The house was dark when Mirabel entered. The adults had gone to bed long ago, their dirty glasses still scattered across the dining table.
But not everyone was asleep. As she walked upstairs, she could see a faint light coming from the crack at the bottom of her old bedroom door, and hear hushed voices, and she sighed. She was exhausted, emotionally wrung out, and there was still so much to talk about.
The door creaked softly when she pushed it open and the whispers stopped. The bedroom was small and dimly lit by candles, with three beds and a dresser shoved inside. Camilo was splayed across her old bed, with her sisters together on one bed and Dolores on the other. They all stared at each other for a long moment. Dolores and Isabela looked like they'd been crying.
"Okay, before we do anything, I have to go wash up," Mirabel said. She looked to Dolores, who was watching her with wide eyes in the flickering candlelight. "Did you hear?"
Her cousin nodded. Mirabel nodded too, wincing—she'd have to get used to Dolores just…knowing everything again.
Mirabel found her bag on the floor by her bed and dug around for pajamas. The others watched her silently.
"Did you tell them?" she asked when she stood up.
"Yeah, she did," Camilo said, sitting up. His expression was grim. "Just—mierda, Mirabel."
Isabela let out a strangled sob and buried her face in her hands. Luisa wrapped her arms around her.
"And I made it worse—" Isabela cried into Luisa's shoulder. "I-I hurt him with my–my curse—"
Mirabel sighed and dropped her clothes to climb up on the bed with her sisters, throwing her arms around them both.
"He's okay, Isa," she murmured. "And you are not cursed. None of you are cursed—I mean, our parents call them Gifts for a reason."
"Easy for you to say," Isabela mumbled. She sniffled.
Mirabel flinched and sat back on the bed, as those old feelings came rushing back—inadequacy, jealousy, anger—but she bit the inside of her cheek and clamped them down tight, locking them away to deal with later.

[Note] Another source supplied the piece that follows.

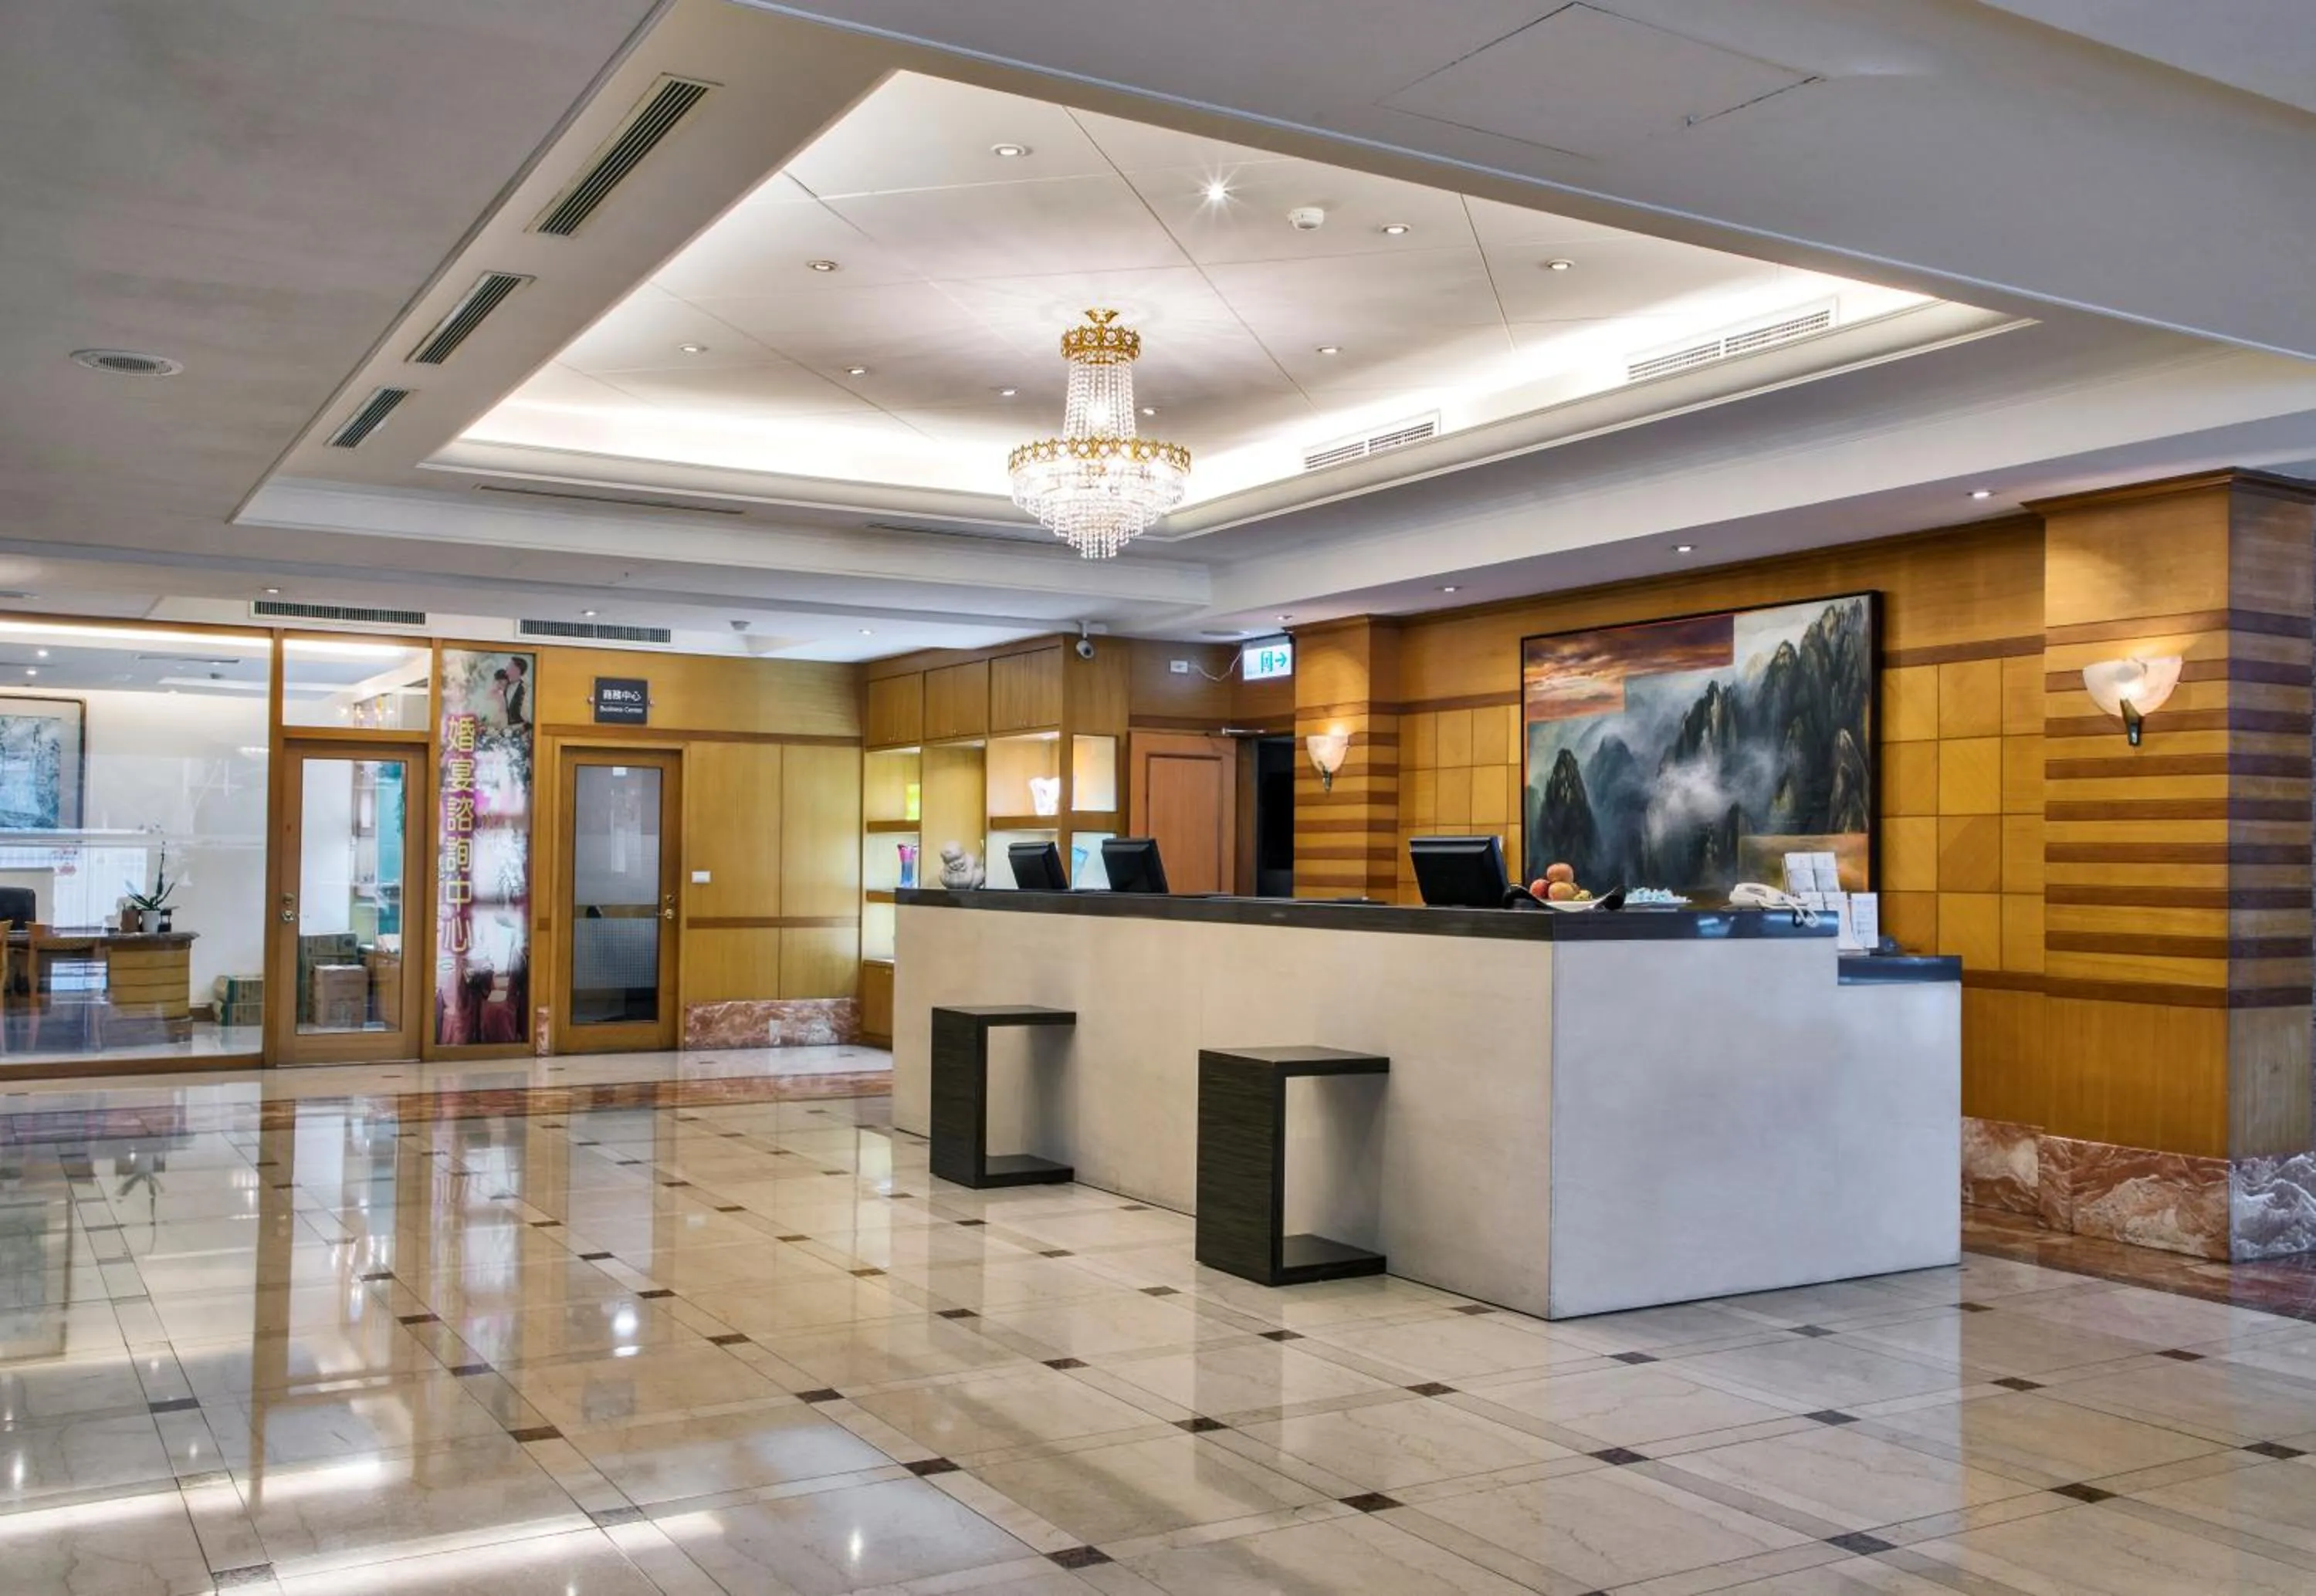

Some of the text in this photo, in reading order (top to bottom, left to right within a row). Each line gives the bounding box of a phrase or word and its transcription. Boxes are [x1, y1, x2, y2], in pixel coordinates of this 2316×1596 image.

[445, 715, 476, 953] 婚宴諮詢中心

"That's not fair, Isa," Luisa softly chided. "She can't help it any more than we can."
Isabela just sniffled again.
"Well, not that this isn't enlightening," Camilo said, breaking through the tension. "But do you mind, Mira, telling us why you decided it was a good idea to bring Tío Bruno—poor, cursed, monstrous Tío Bruno—here, during the busiest weekend of our lives?"
"I couldn't just–just leave him there!" Mirabel cried. She drew her knees up to her chest and wrapped her arms around them. "You all just heard what he's been through. And you all didn't see where he was living—this tiny, busted room with nothing but–but broken furniture and–and these plates—" Her voice hitched and she struggled to swallow around the sudden lump in her throat.

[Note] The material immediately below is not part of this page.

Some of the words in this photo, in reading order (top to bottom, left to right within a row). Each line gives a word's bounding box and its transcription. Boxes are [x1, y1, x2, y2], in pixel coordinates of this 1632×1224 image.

"Plates?" Dolores asked carefully.
Mirabel told them everything she hadn't wanted to say in front of Antonio and Bruno. She described the plates, deeply carved in the surface of the rickety table and painstakingly painted with each of the triplets' names. She told them how that led her to the green, glowing vision tablets and the images floating within them, depicting each of them in turn. She told them how he had seen everyone in his visions but didn't know anything about them, even their names.

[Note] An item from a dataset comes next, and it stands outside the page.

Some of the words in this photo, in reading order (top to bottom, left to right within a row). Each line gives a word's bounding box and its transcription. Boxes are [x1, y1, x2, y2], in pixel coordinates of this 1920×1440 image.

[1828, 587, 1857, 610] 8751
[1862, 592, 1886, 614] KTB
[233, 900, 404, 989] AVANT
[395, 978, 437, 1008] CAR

She backtracked, and told them how he had a vision in front of her and saved her when Casita crumbled around them, even after she had chased him through the house. She told them how carefully he asked her questions about the family afterward while she repaired his ruana.
She told them how much Casita danced when she figured it out the next morning. She told them how he didn't deny his identity when asked directly, but seemed prepared for her to leave him alone, utterly and completely.
She told them how he was terrified of leaving the hidden valley but came anyway—only because she asked.
"Mierda," Camilo whispered when Mirabel was finished.
Isabela nodded weakly.
"At least…we know we can change him back now, right?" Luisa asked tentatively.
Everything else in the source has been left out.